ClearView Energy Partners said such recusals are “common when a sitting commissioner is interviewing with an entity that may be involved in proceedings before the commission.”

LaFleur, a New Englander, came to FERC after serving as executive vice president and acting CEO of National Grid USA.

LaFleur — who previously declined to give the reason for her recusal on the NEPOOL order — did not offer any clues to her plans at Thursday’s meeting, where she introduced her son and husband in the audience.

“For the members of our friendly press corps, the fact that I have my family here does not mean this is my last meeting,” she said, turning to reporters. “I will let you know when it’s my last meeting. I promise.”

PJM MOPR Issue ‘Really Complicated’

Chatterjee said the commission hasn’t yet acted on PJM’s proposed changes to its capacity market because of the complexity of the issues.

PJM, which normally holds its annual capacity auction in May, delayed it until August in the hopes that would give the commission time to rule on its proposed changes to its minimum offer price rule (MOPR). In June 2018, the commission ruled the RTO’s existing MOPR was unjust and unreasonable because it didn’t address price suppression from state subsidies for renewable and nuclear power. (See PJM to Hold Capacity Auction in August.)

Chatterjee was asked at his press conference whether FERC’s failure to act on the proposal suggested a 2-2 split among the current commissioners and the need to fill its fifth seat.

The chairman said although he was prohibited from discussing internal deliberations, he could comment “at the macro level.”

“When it comes to wholesale power markets, these aren’t things that break down on ideological or political lines,” he said. “It’s just something my colleagues and I and staff are working towards. It is not something that we’re gridlocked because of some kind of political difference. It’s really, really, really complicated.”

— Rich Heidorn Jr.

Chatterjee Denies Lobbying Against FERC Nominee

By Rich Heidorn Jr.

WASHINGTON — FERC Chairman Neil Chatterjee on Thursday denied a report that he lobbied to block the nomination of Republican David Hill to the commission.

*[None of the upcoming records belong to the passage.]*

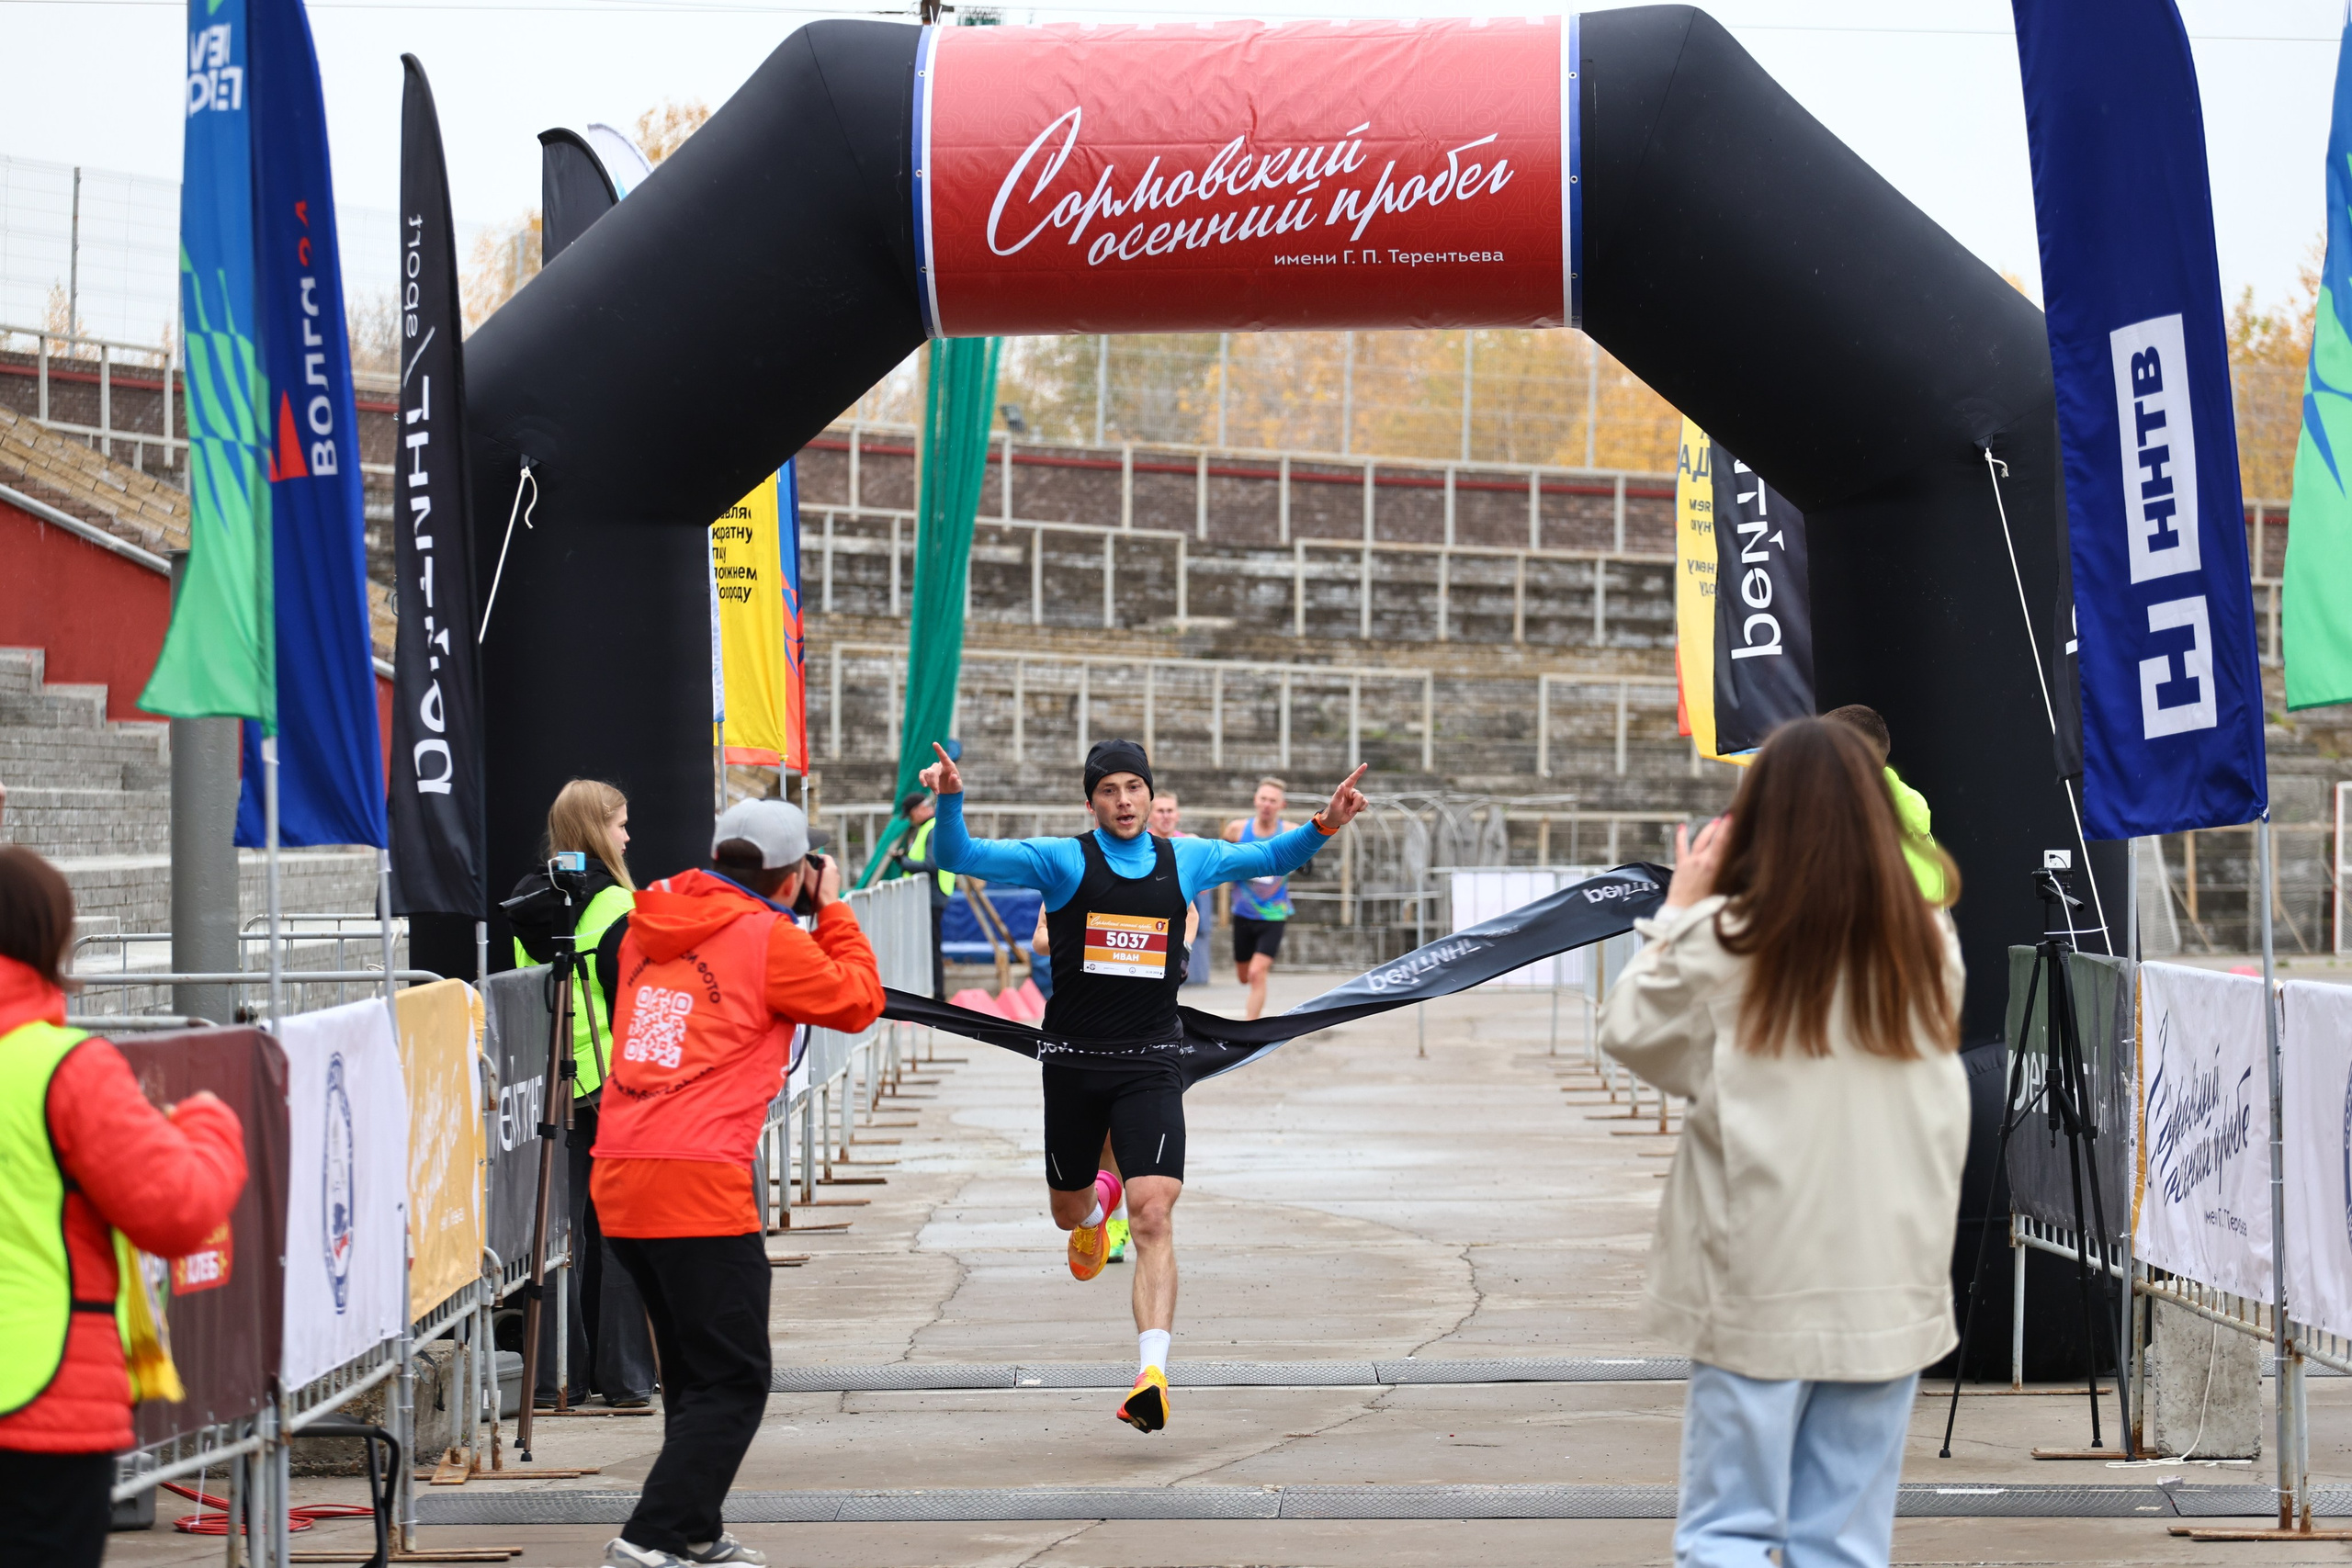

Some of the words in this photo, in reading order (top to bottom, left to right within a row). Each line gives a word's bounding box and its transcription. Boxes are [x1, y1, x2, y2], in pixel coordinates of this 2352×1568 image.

[987, 106, 1370, 256] Сормовский
[1087, 181, 1320, 266] осенний
[1325, 132, 1514, 243] пробег
[1274, 253, 1337, 265] имени
[1343, 250, 1355, 265] Г.
[1363, 249, 1382, 265] П.
[1388, 249, 1504, 267] Терентьева
[2131, 345, 2179, 553] ННТВ
[1106, 931, 1149, 949] 5037
[1113, 952, 1139, 962] ИВАН
[697, 962, 721, 1004] ФОТО

Citing interviews with a dozen industry and political sources who requested anonymity, E&E News reported April 12 that Chatterjee made calls to energy companies and Republican allies to block Hill from replacing him as chairman. E&E quoted Hill, an energy attorney who served in the George W. Bush administration, as confirming that the White House told him he would be appointed FERC chair.

FERC Chairman Neil Chatterjee speaks to the press following the April 18 open meeting. | © RTO Insider

Chatterjee did not respond to E&E’s requests for comment before publication of the article. But in his regular news conference following the commission’s monthly open meeting Thursday, Chatterjee attempted to discredit the report.

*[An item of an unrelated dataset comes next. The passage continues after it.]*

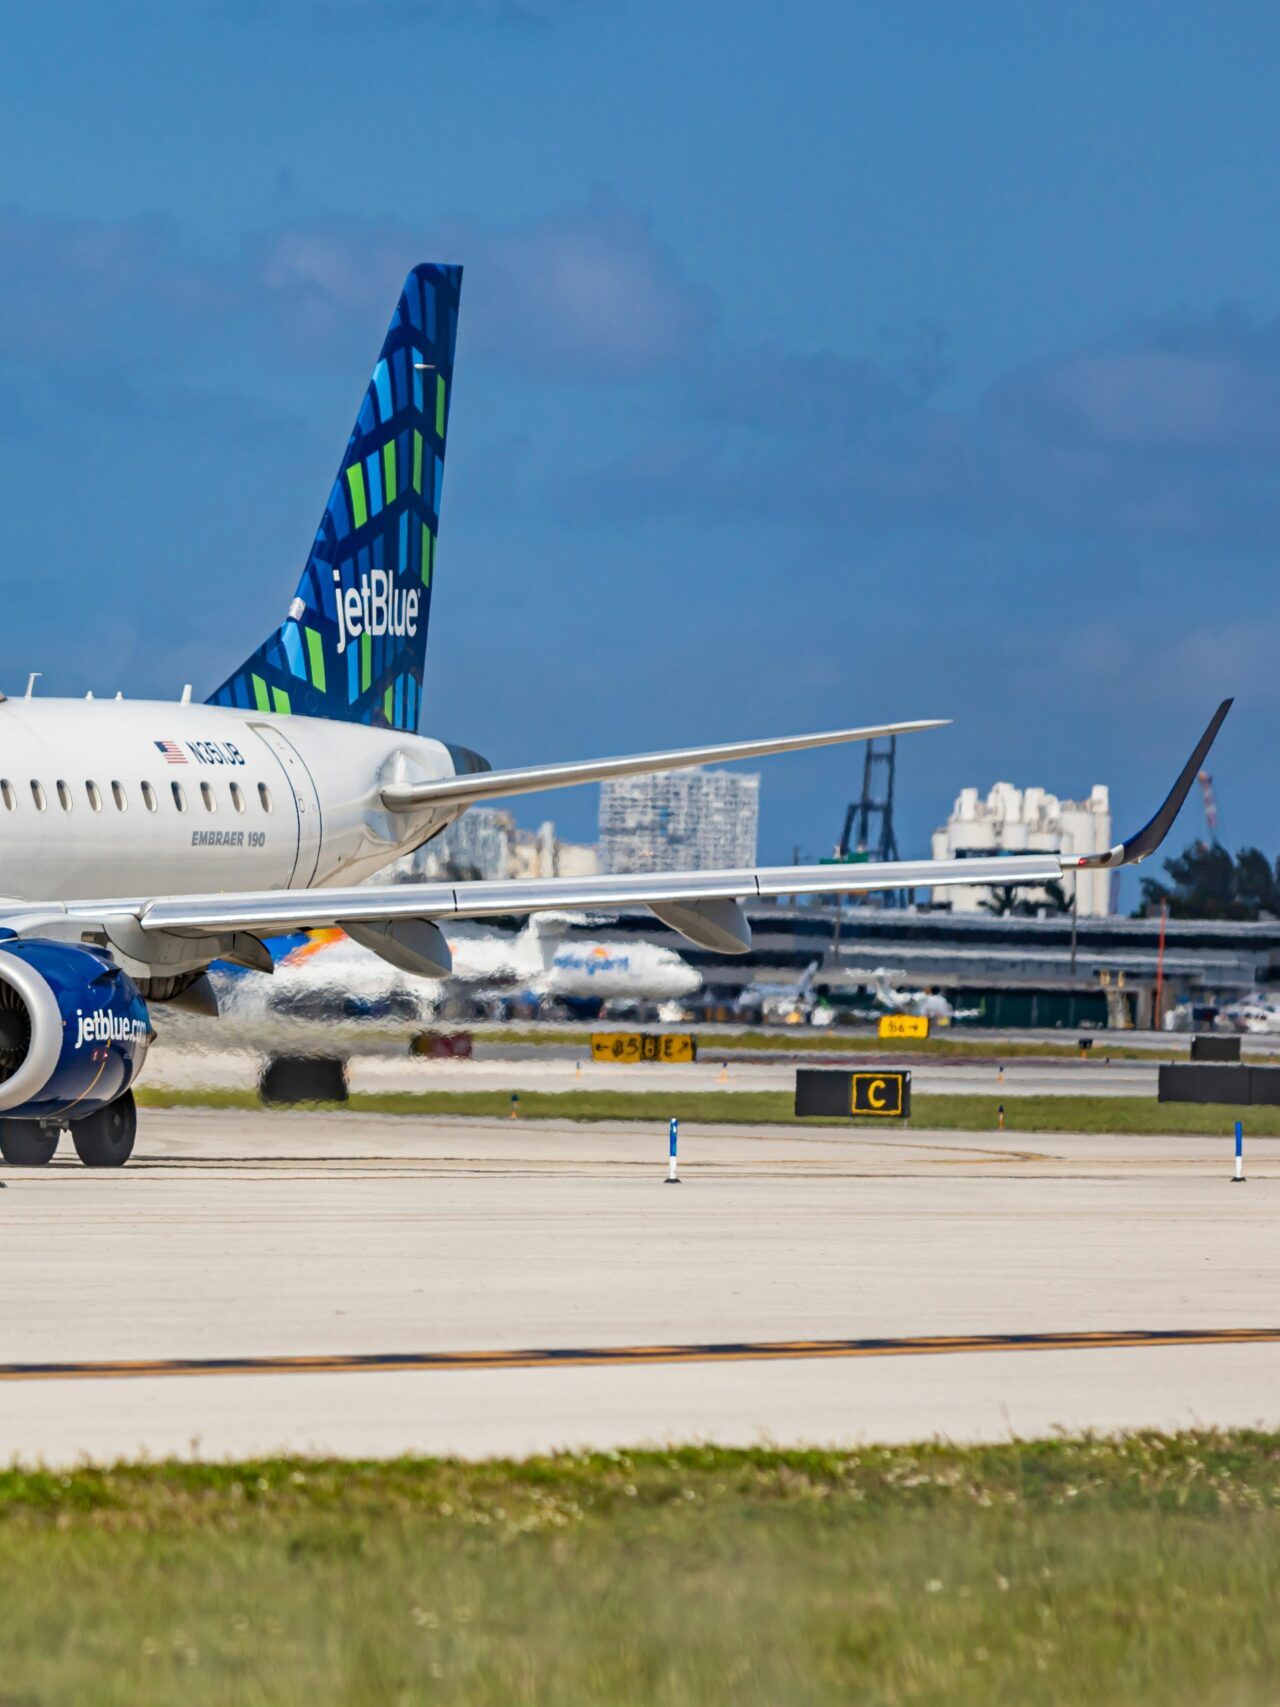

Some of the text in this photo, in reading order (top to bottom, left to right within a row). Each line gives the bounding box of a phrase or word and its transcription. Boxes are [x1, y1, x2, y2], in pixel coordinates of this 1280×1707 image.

[332, 569, 419, 654] jetBlue
[185, 741, 246, 765] N351JB
[191, 830, 266, 848] EMBRAER 190
[867, 1079, 887, 1109] C

Hill was the Department of Energy’s general counsel from 2005 until 2009 and NRG Energy’s general counsel between 2012 and 2018.

E&E said Hill’s nomination was all but official until lobbying efforts by Chatterjee, Energy Secretary Rick Perry and the coal industry caused the White House to abandon him. Hill had publicly criticized DOE’s bids to provide subsidies for struggling coal and nuclear generators.

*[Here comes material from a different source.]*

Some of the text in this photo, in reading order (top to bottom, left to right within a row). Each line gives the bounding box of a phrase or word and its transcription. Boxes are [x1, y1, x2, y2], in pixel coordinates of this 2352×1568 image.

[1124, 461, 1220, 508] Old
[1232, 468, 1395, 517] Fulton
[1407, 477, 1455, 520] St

Chatterjee gave his rebuttal Thursday when E&E reporter Rod Kukro, one of the authors of the article, asked him when he became aware that the White House intended to replace him with Hill.

Chatterjee challenged Kukro’s premise, saying two other reporters had pursued the story and published nothing because they were unable to verify it.

“I know you cited 12 sources that you talked to. I know for a fact that at least two of those sources pushed back aggressively on the story line, yet their statements weren’t reflected anywhere in the article. I also know that at least a couple of those sources directed you towards the actual people that were involved in this process and knew the details of it, and you ran the story without contacting the folks that were actually in the room and knew the circumstances of the story. You had no named sources. No corroboration.”

Chatterjee challenged E&E’s account that the White House and Hill began preliminary discussions in September 2018 about taking over for ailing Chairman Kevin McIntyre.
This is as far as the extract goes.